The initial stage occurs at the time of inoculation and early establishment of disease. For most people, this involves an incubation period associated with mild and often non-specific symptoms, such as malaise, fever, and a dry cough. During this period, SARS-CoV-2 multiplies and establishes residence in the host, primarily focusing on the respiratory system. Similar to its older relative, SARS-CoV (responsible for the 2002−2003 SARS outbreak), SARS-CoV-2 binds to its target using the angiotensin-converting enzyme 2 receptor on human cells. These receptors are abundantly present on human lung and small intestine epithelium and the vascular endothelium. As a result of the airborne method of transmission and affinity for pulmonary angiotensin-converting enzyme 2 receptors, the infection usually presents with mild respiratory and systemic symptoms.

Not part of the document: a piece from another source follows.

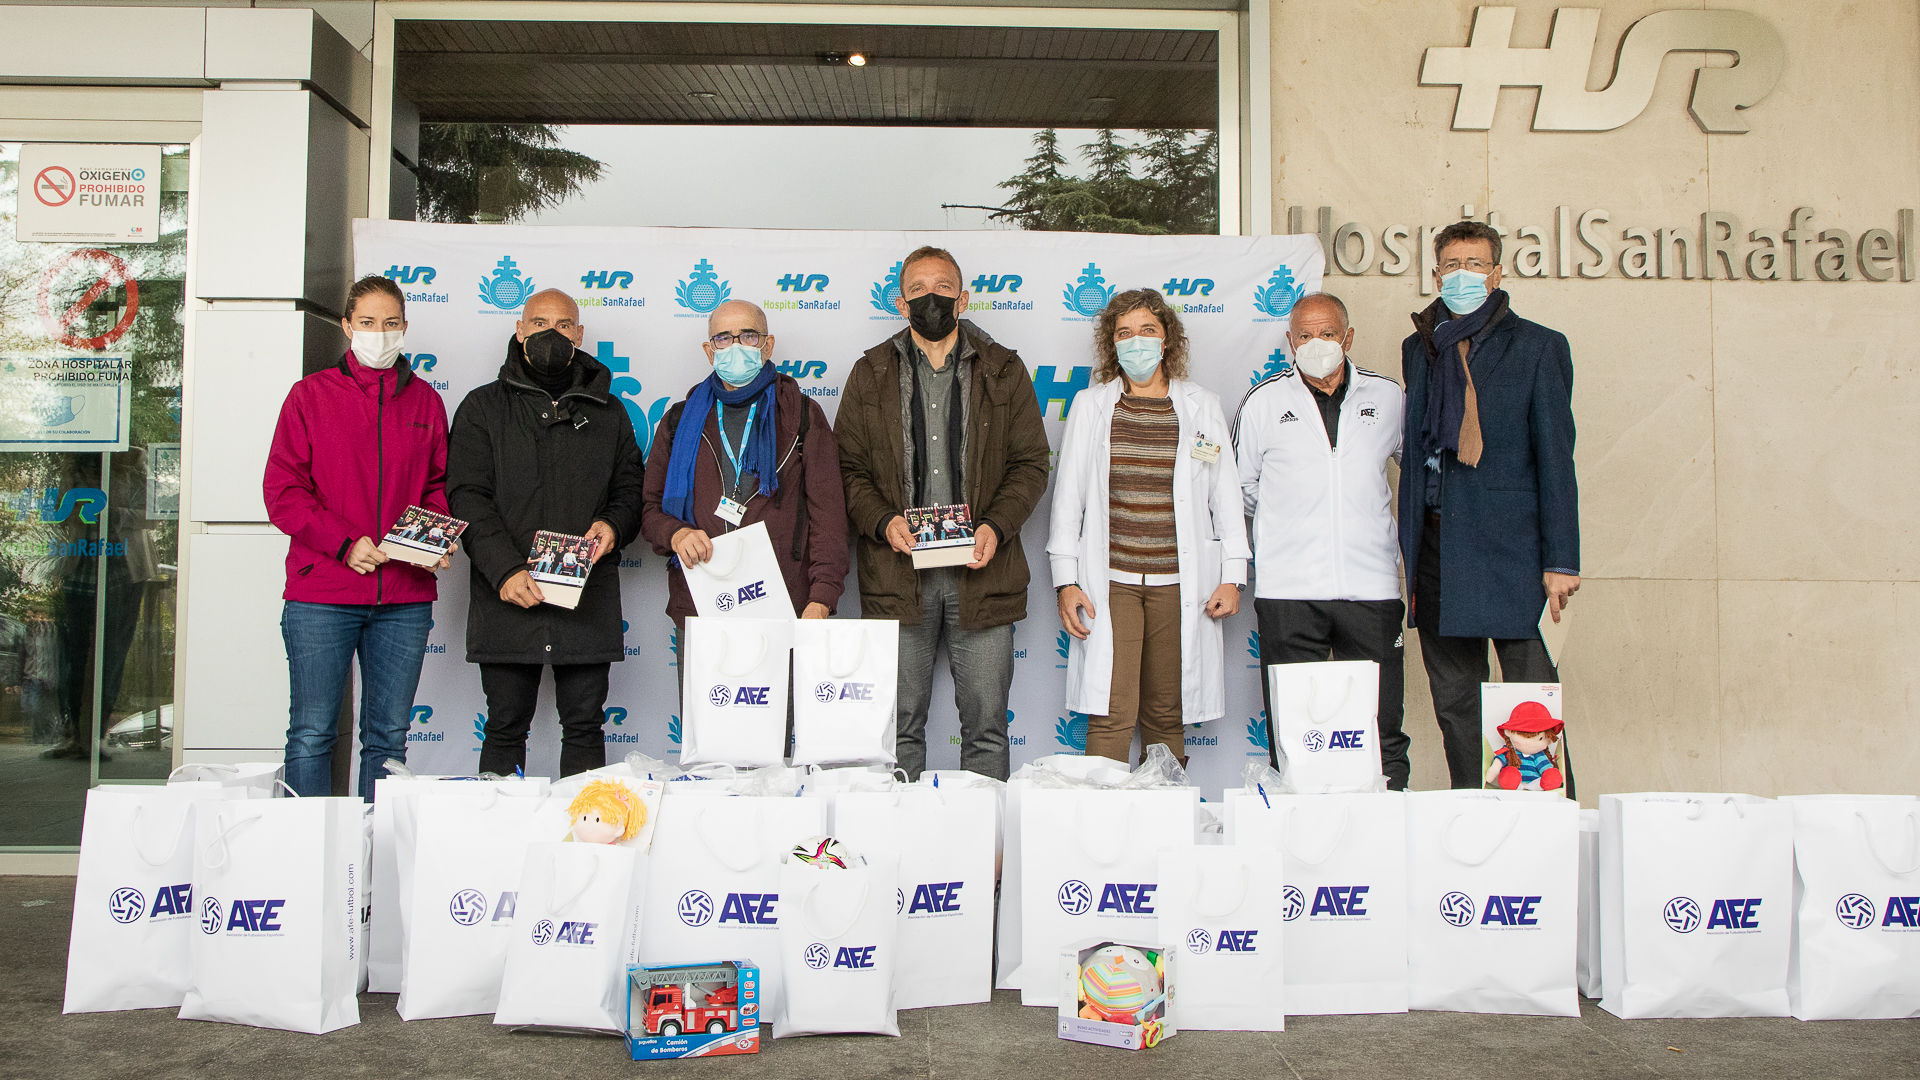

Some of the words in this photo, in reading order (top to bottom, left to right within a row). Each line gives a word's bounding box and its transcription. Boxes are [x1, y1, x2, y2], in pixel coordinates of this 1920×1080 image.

Stage II (moderate) – non-severe symptomatic period with the presence of virus

In the second stage of established pulmonary disease, viral multiplication and localized inflammation in the lung are the norm. During this stage, patients develop a viral pneumonia, with cough, fever, and possibly hypoxia (defined as PaO2/FiO2 < 300 mm Hg). Imaging with chest roentgenogram or computed tomography reveals bilateral infiltrates or ground glass opacities. Blood tests reveal increasing lymphopenia, along with transaminitis. Markers of systemic inflammation may be elevated, but not remarkably so. It is at this stage that most patients with COVID-19 would need to be hospitalized for close observation and management. Thus, Stage II disease should be sub-divided into Stage IIa (without hypoxia) and Stage IIb (with hypoxia).

Stage III (severe) – severe respiratory symptomatic stage with high viral load and a cytokine storm (systemic hyperinflammation)

A minority of COVID-19 patients will transition into the third and most severe stage of the illness, which manifests as an extrapulmonary systemic hyperinflammation syndrome. In this stage, markers of systemic inflammation seem to be elevated. COVID-19 infection results in a decrease in helper, suppressor, and regulatory T cell counts. Studies have revealed that inflammatory cytokines and biomarkers such as IL-2, IL-6, IL-7, granulocyte colony-stimulating factor, macrophage inflammatory protein 1-a, tumor necrosis factor-a, C-reactive protein, ferritin, and D-dimer are significantly elevated in those patients with more severe disease. Troponin and N-terminal pro B-type natriuretic peptide can also be elevated. A form akin to secondary hemophagocytic lymphohistiocytosis may occur in patients in this advanced stage of the disease. In this stage, shock, vasoplegia, respiratory failure, and even cardiopulmonary collapse are discernable. Systemic organ involvement, even myocarditis, would manifest during this stage.

AVS formula tries to increase the immune response during the first two stages, and suppress it in the third stage in order to counterbalance inflammatory activity. Therefore, multiple ingredients are required to fight the virus in aforementioned three stages.

The spike protein or its fragments can circulate in the body after COVID-19 infection or after COVID-19 vaccination and cause inflammation and blood clotting in any part of the body where they accumulate.

Inflammation can develop diabetes and cancer according to listed scientific papers.

• Anti-inflammatory
• Anti-cancer
• Anti-diabetic
• Anti-thrombosis
• Anti-hypertension
• Anti-atherosclesoris
• Anti-cardiovascular diseases
• Anti-endothelial cell dysfunction
• Anti-heart failure
• Anti-oxidative stress
• Many other medicinal properties, and can be used against cardiovascular diseases.